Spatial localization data

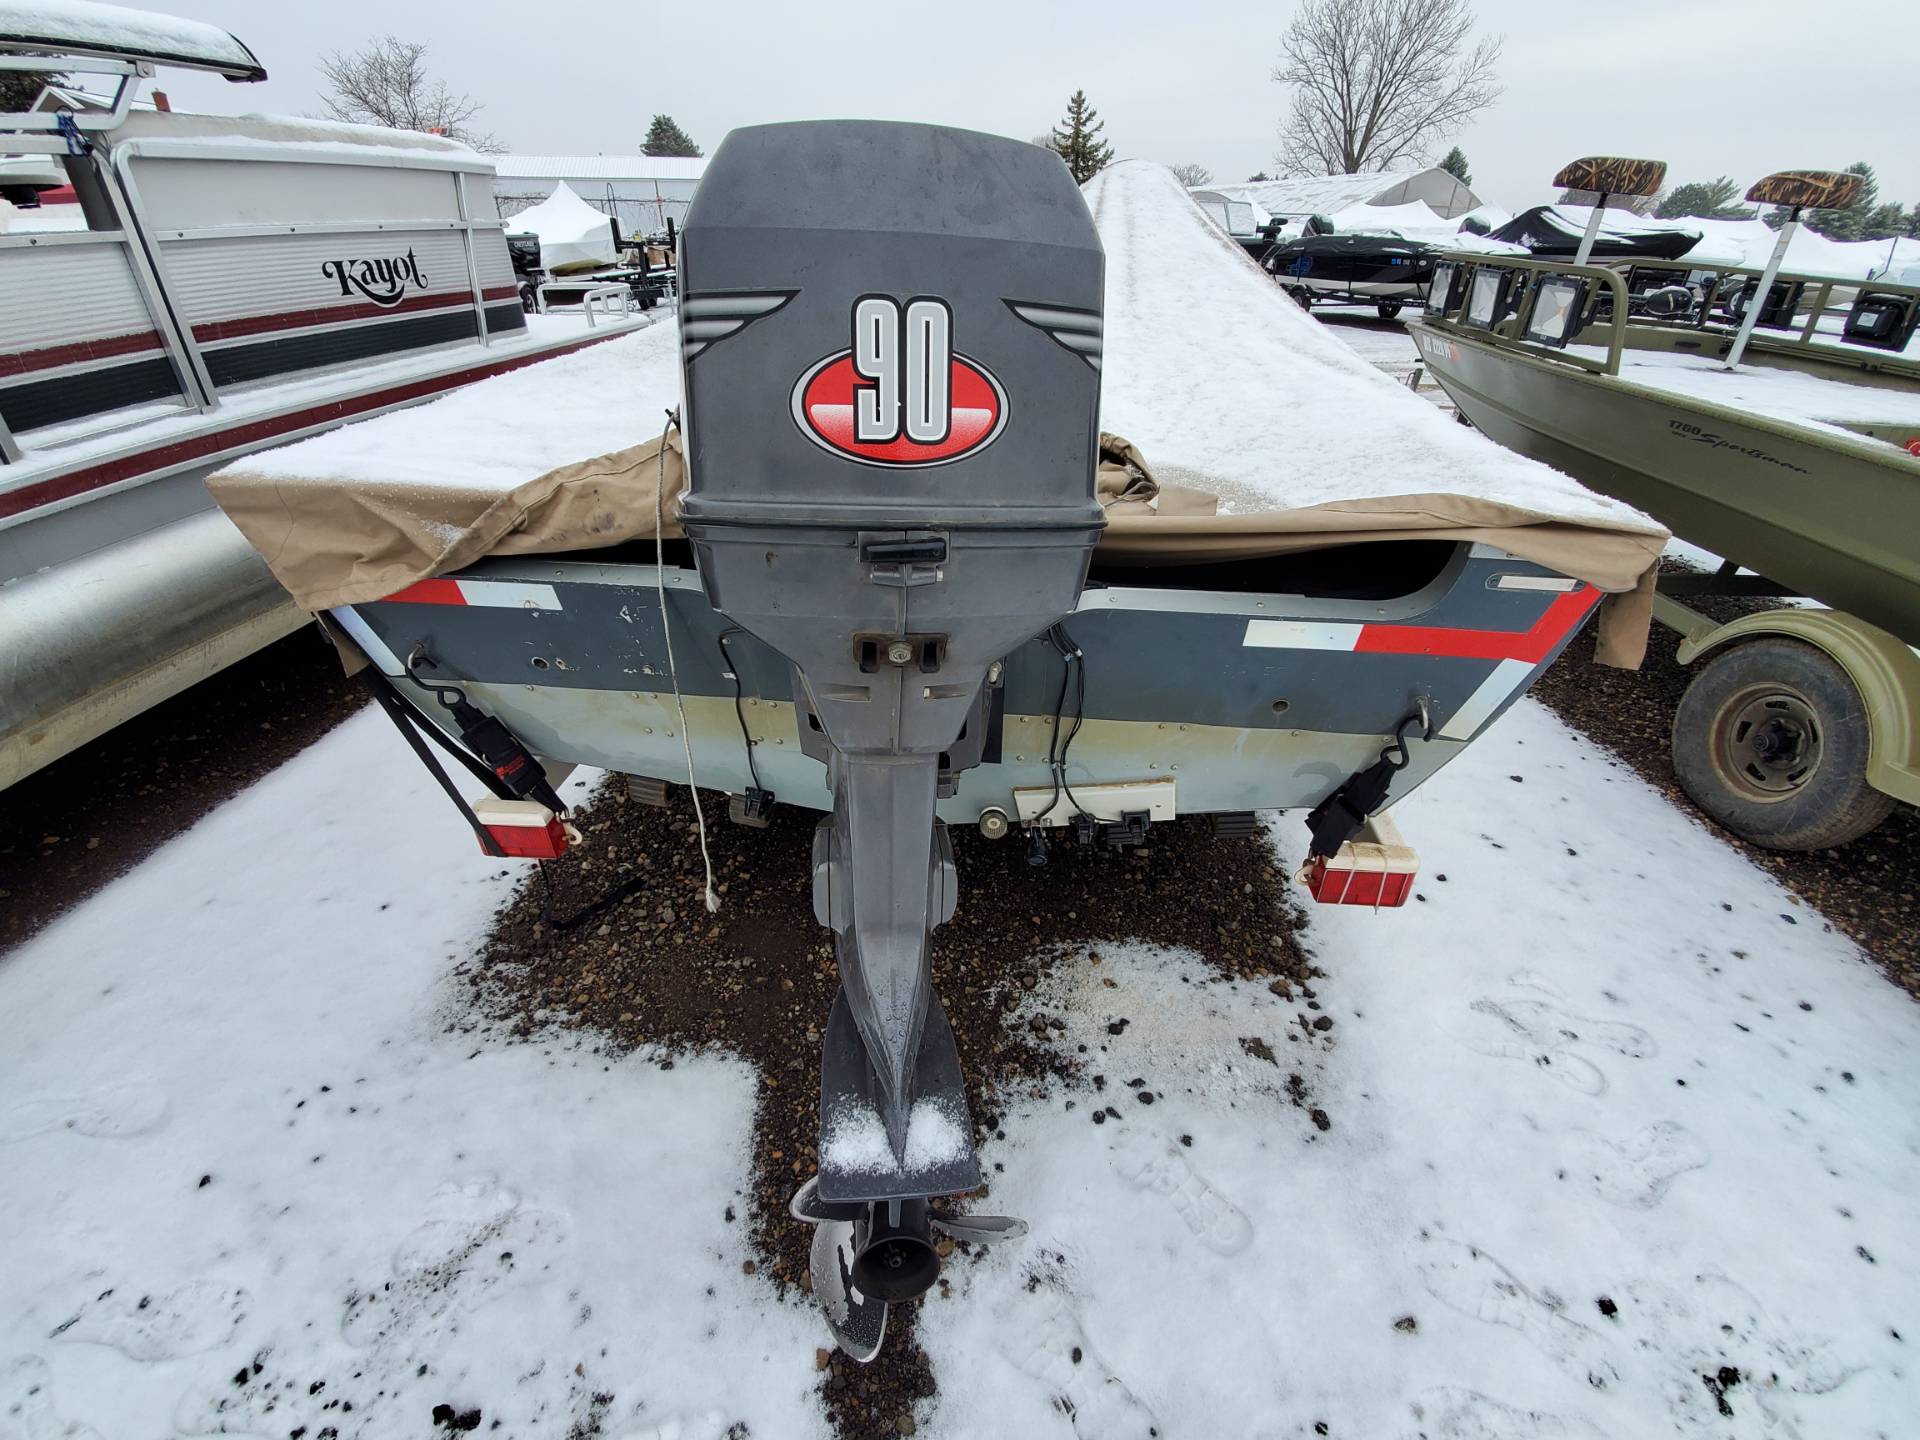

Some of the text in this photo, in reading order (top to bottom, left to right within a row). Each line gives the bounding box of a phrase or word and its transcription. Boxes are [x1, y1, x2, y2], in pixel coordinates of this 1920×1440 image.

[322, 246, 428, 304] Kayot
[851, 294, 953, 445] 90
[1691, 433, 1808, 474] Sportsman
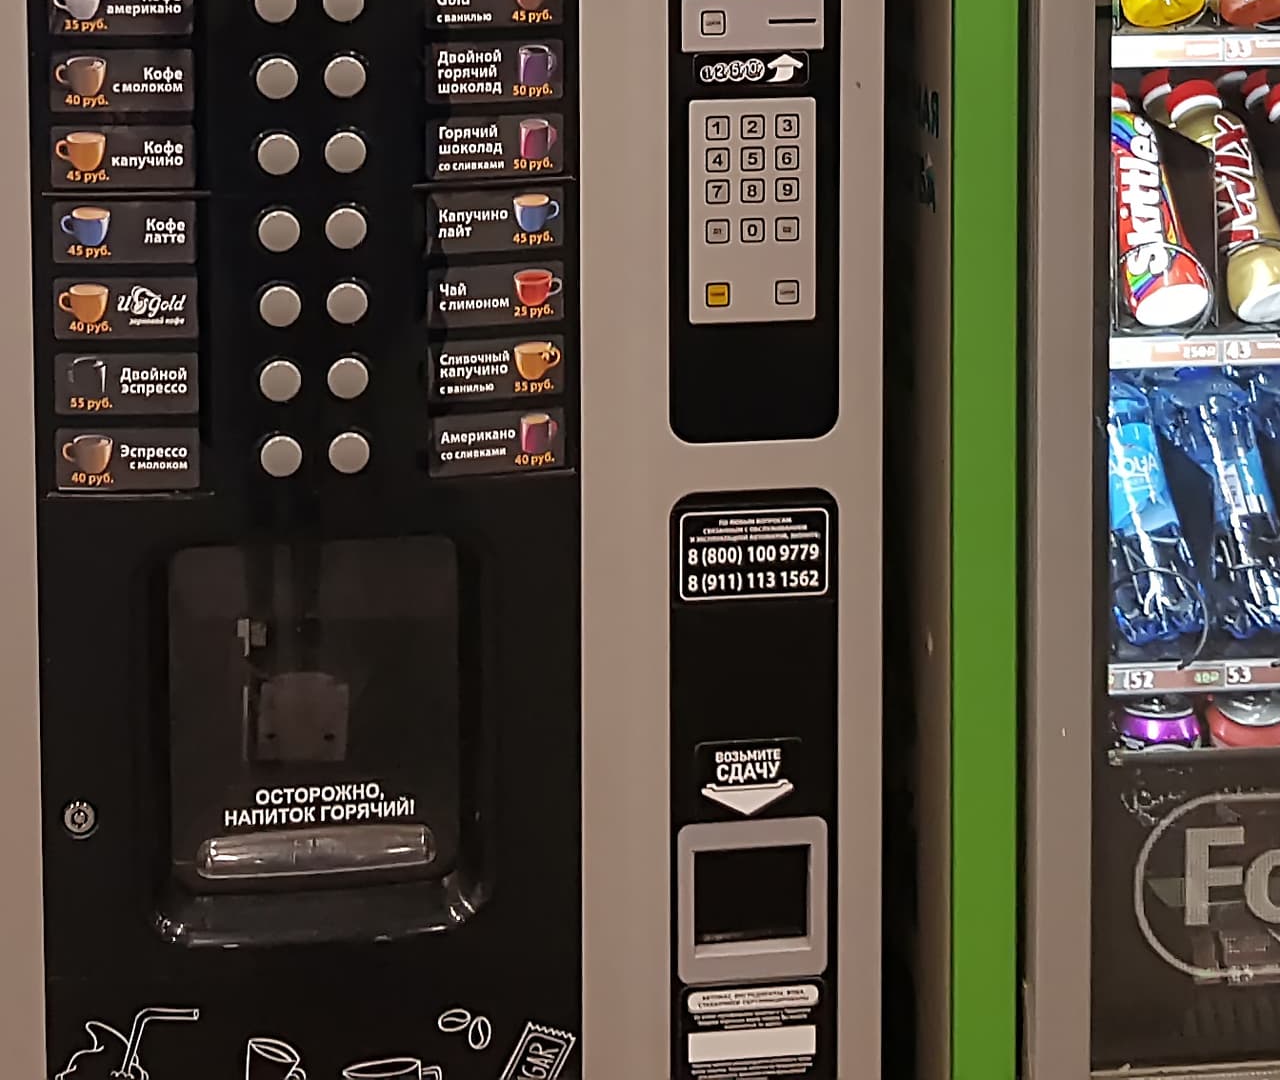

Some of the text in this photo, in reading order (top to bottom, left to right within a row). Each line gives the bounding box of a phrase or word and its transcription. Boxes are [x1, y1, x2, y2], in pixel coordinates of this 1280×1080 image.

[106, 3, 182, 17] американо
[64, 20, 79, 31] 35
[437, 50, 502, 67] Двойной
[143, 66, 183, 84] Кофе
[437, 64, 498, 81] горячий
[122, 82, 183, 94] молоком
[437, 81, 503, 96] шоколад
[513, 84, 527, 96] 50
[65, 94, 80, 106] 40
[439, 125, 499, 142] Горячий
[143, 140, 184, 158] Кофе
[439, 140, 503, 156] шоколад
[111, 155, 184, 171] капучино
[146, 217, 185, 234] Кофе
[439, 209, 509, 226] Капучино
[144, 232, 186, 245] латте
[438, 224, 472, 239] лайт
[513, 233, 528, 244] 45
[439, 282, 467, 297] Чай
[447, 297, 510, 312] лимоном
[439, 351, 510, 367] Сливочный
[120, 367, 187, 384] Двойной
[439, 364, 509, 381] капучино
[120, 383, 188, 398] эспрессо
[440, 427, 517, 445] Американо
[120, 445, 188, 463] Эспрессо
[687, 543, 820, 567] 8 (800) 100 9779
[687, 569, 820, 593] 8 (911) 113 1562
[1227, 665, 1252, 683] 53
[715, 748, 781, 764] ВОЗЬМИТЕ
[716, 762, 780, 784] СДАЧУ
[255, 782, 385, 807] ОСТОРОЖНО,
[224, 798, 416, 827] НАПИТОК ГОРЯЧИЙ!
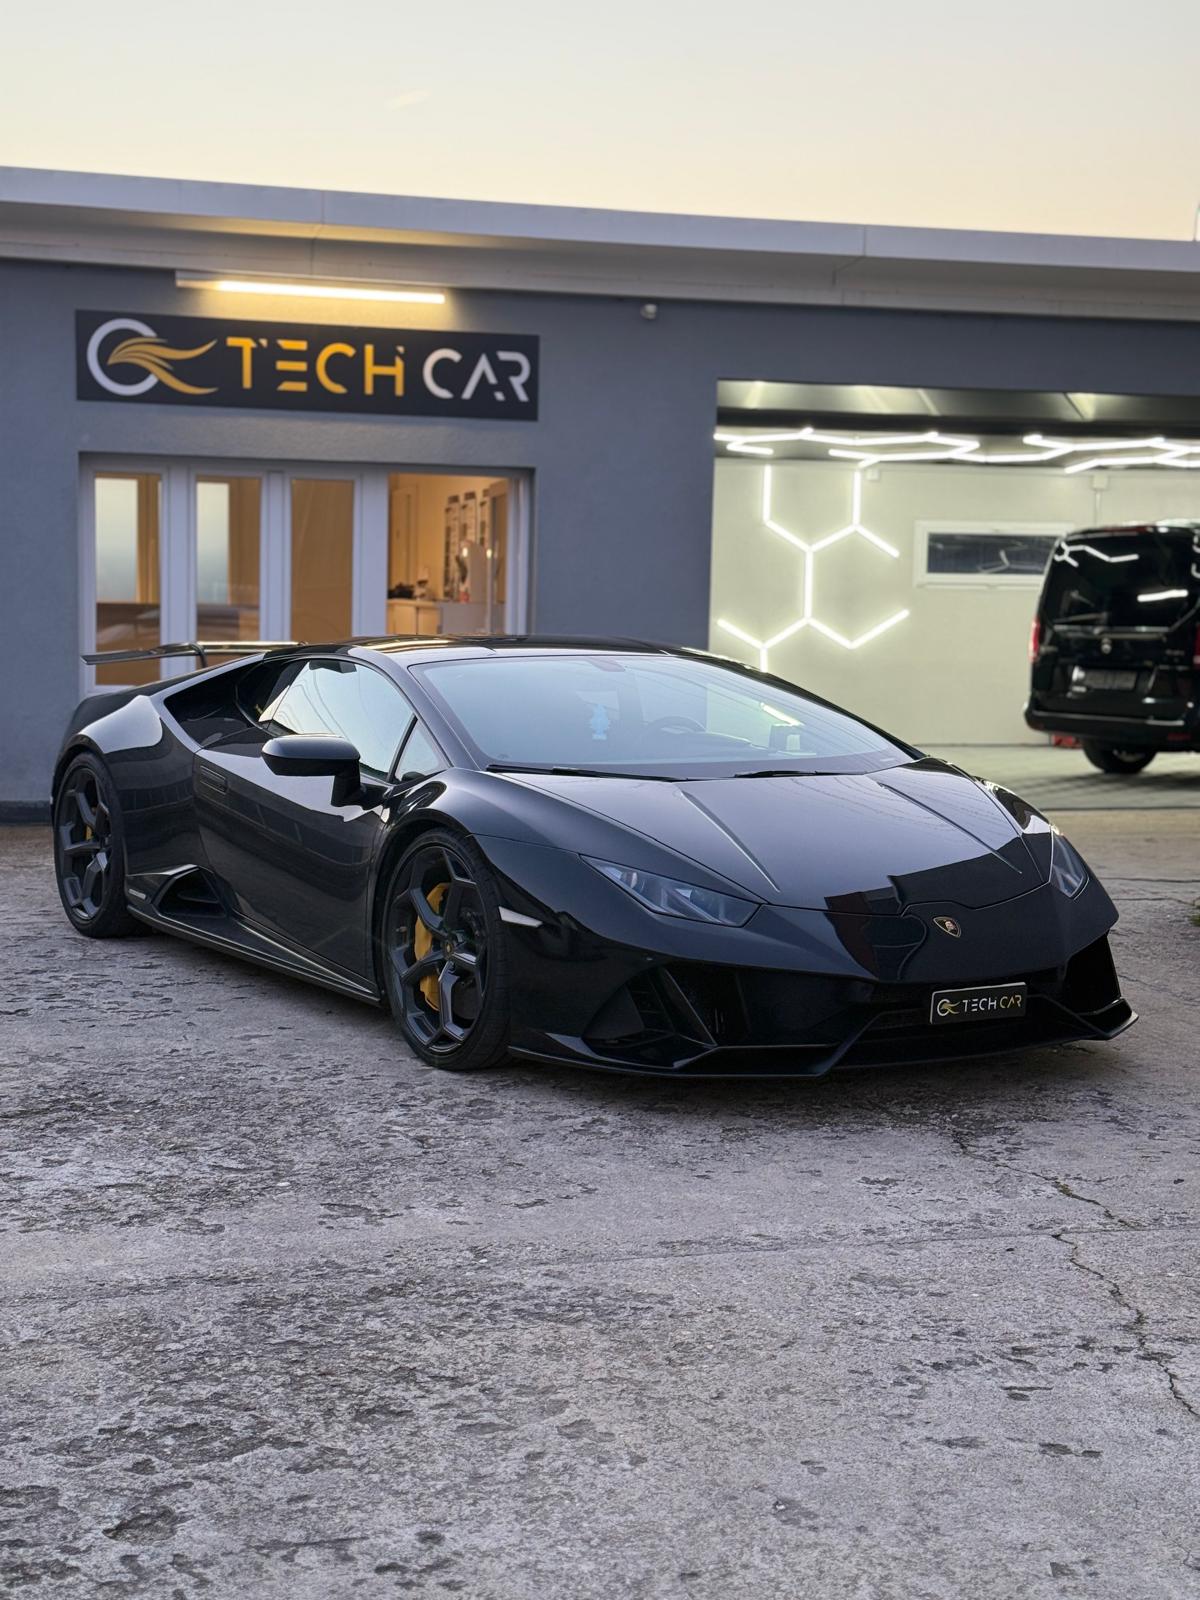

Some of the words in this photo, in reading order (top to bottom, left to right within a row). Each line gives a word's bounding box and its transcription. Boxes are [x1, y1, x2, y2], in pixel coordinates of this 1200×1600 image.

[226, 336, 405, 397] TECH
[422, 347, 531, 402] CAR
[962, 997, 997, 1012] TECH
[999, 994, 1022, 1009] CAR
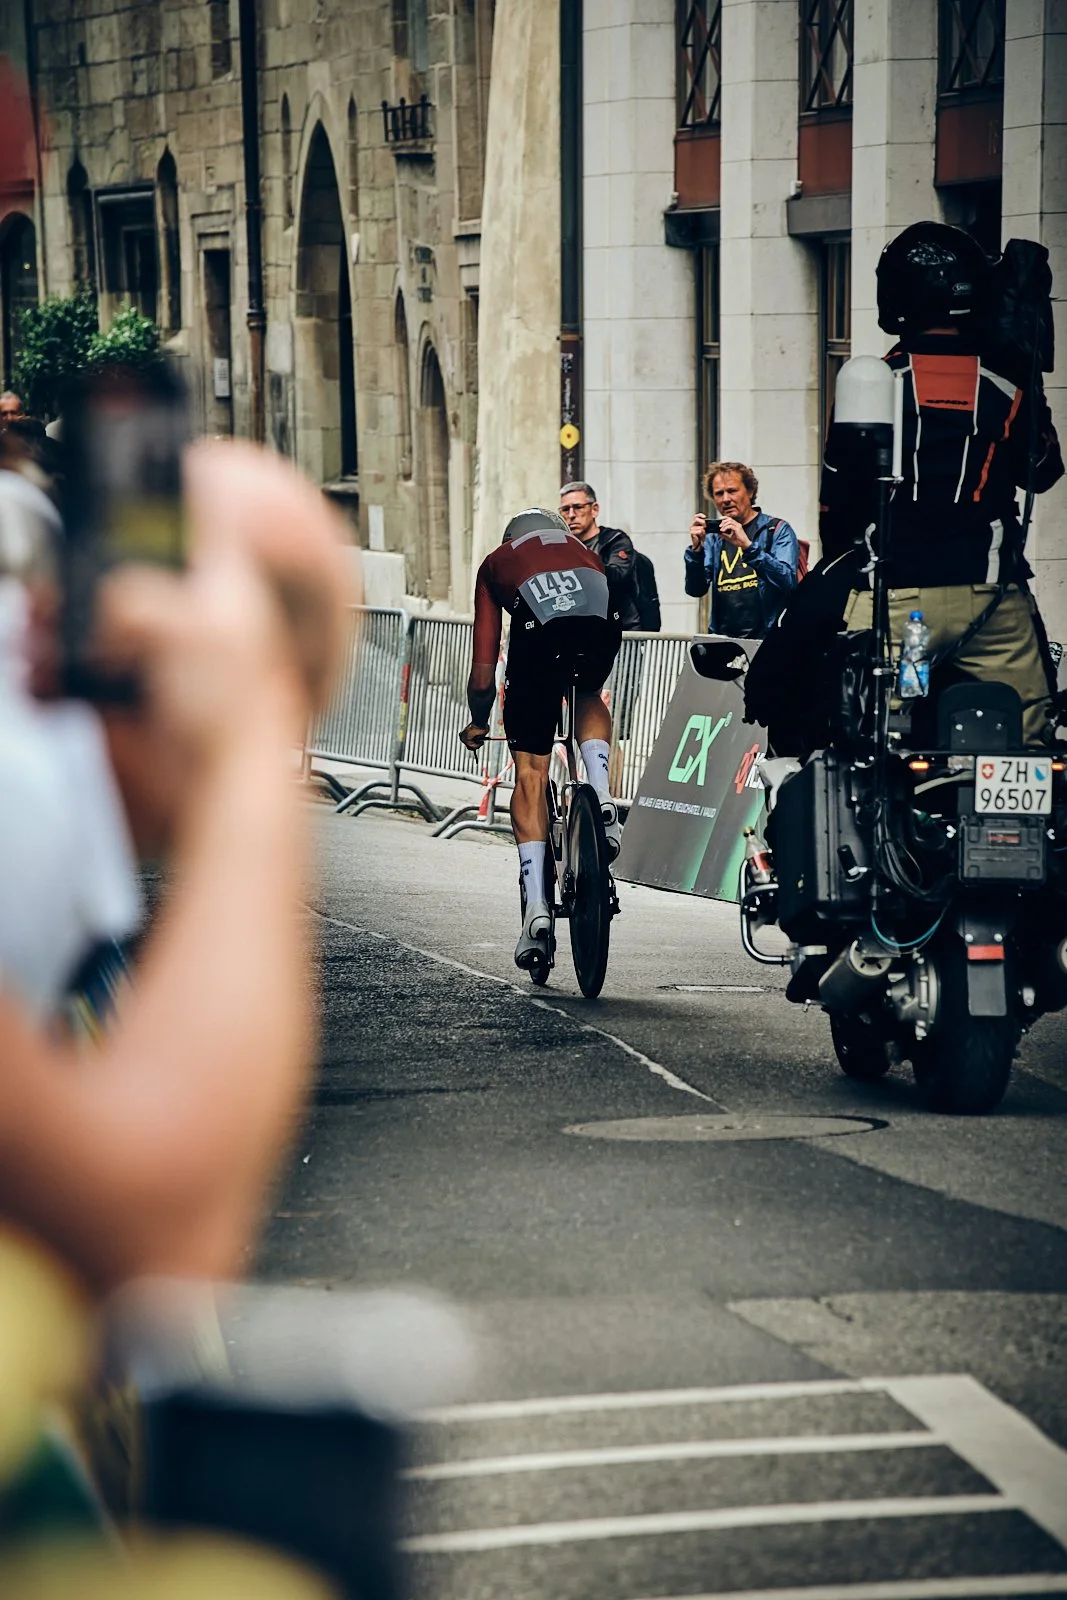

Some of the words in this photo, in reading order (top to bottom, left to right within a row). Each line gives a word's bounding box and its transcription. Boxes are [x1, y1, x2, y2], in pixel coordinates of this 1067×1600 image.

AIM OF THE EXERCISE
Give the entries above again word for word, without the pictures.

ANSWER TO THE PROBLEM
Some of the text in this photo, in reading order (top to bottom, left to right within a row). Each line gives the bounding box of a phrase or word and its transcription. Boxes are [x1, y1, x2, y2], in pixel coordinates of this 1920×1440 image.

[322, 246, 428, 304] Kayot
[851, 294, 953, 445] 90
[1691, 433, 1808, 474] Sportsman

Some of the text in this photo, in reading order (top to bottom, left to right within a row). Each line gives the bounding box of a phrase or word and its transcription. Boxes are [x1, y1, x2, y2], in pixel coordinates of this 1280×1080 image.

[106, 3, 182, 17] американо
[64, 20, 79, 31] 35
[437, 50, 502, 67] Двойной
[143, 66, 183, 84] Кофе
[437, 64, 498, 81] горячий
[122, 82, 183, 94] молоком
[437, 81, 503, 96] шоколад
[513, 84, 527, 96] 50
[65, 94, 80, 106] 40
[439, 125, 499, 142] Горячий
[143, 140, 184, 158] Кофе
[439, 140, 503, 156] шоколад
[111, 155, 184, 171] капучино
[146, 217, 185, 234] Кофе
[439, 209, 509, 226] Капучино
[144, 232, 186, 245] латте
[438, 224, 472, 239] лайт
[513, 233, 528, 244] 45
[439, 282, 467, 297] Чай
[447, 297, 510, 312] лимоном
[439, 351, 510, 367] Сливочный
[120, 367, 187, 384] Двойной
[439, 364, 509, 381] капучино
[120, 383, 188, 398] эспрессо
[440, 427, 517, 445] Американо
[120, 445, 188, 463] Эспрессо
[687, 543, 820, 567] 8 (800) 100 9779
[687, 569, 820, 593] 8 (911) 113 1562
[1227, 665, 1252, 683] 53
[715, 748, 781, 764] ВОЗЬМИТЕ
[716, 762, 780, 784] СДАЧУ
[255, 782, 385, 807] ОСТОРОЖНО,
[224, 798, 416, 827] НАПИТОК ГОРЯЧИЙ!

Some of the words in this photo, in reading order (top to bottom, left to right within a row). Each line gives a word's bounding box and its transcription. Boxes are [x1, y1, x2, y2], in pixel coordinates of this 1200×1600 image.

[226, 336, 405, 397] TECH
[422, 347, 531, 402] CAR
[962, 997, 997, 1012] TECH
[999, 994, 1022, 1009] CAR

Some of the words in this photo, in reading order (top to bottom, left to right within a row). Each line gives a word's bounding box and its transcription. Boxes are [x1, y1, x2, y2], in pixel coordinates of this 1067×1600 image.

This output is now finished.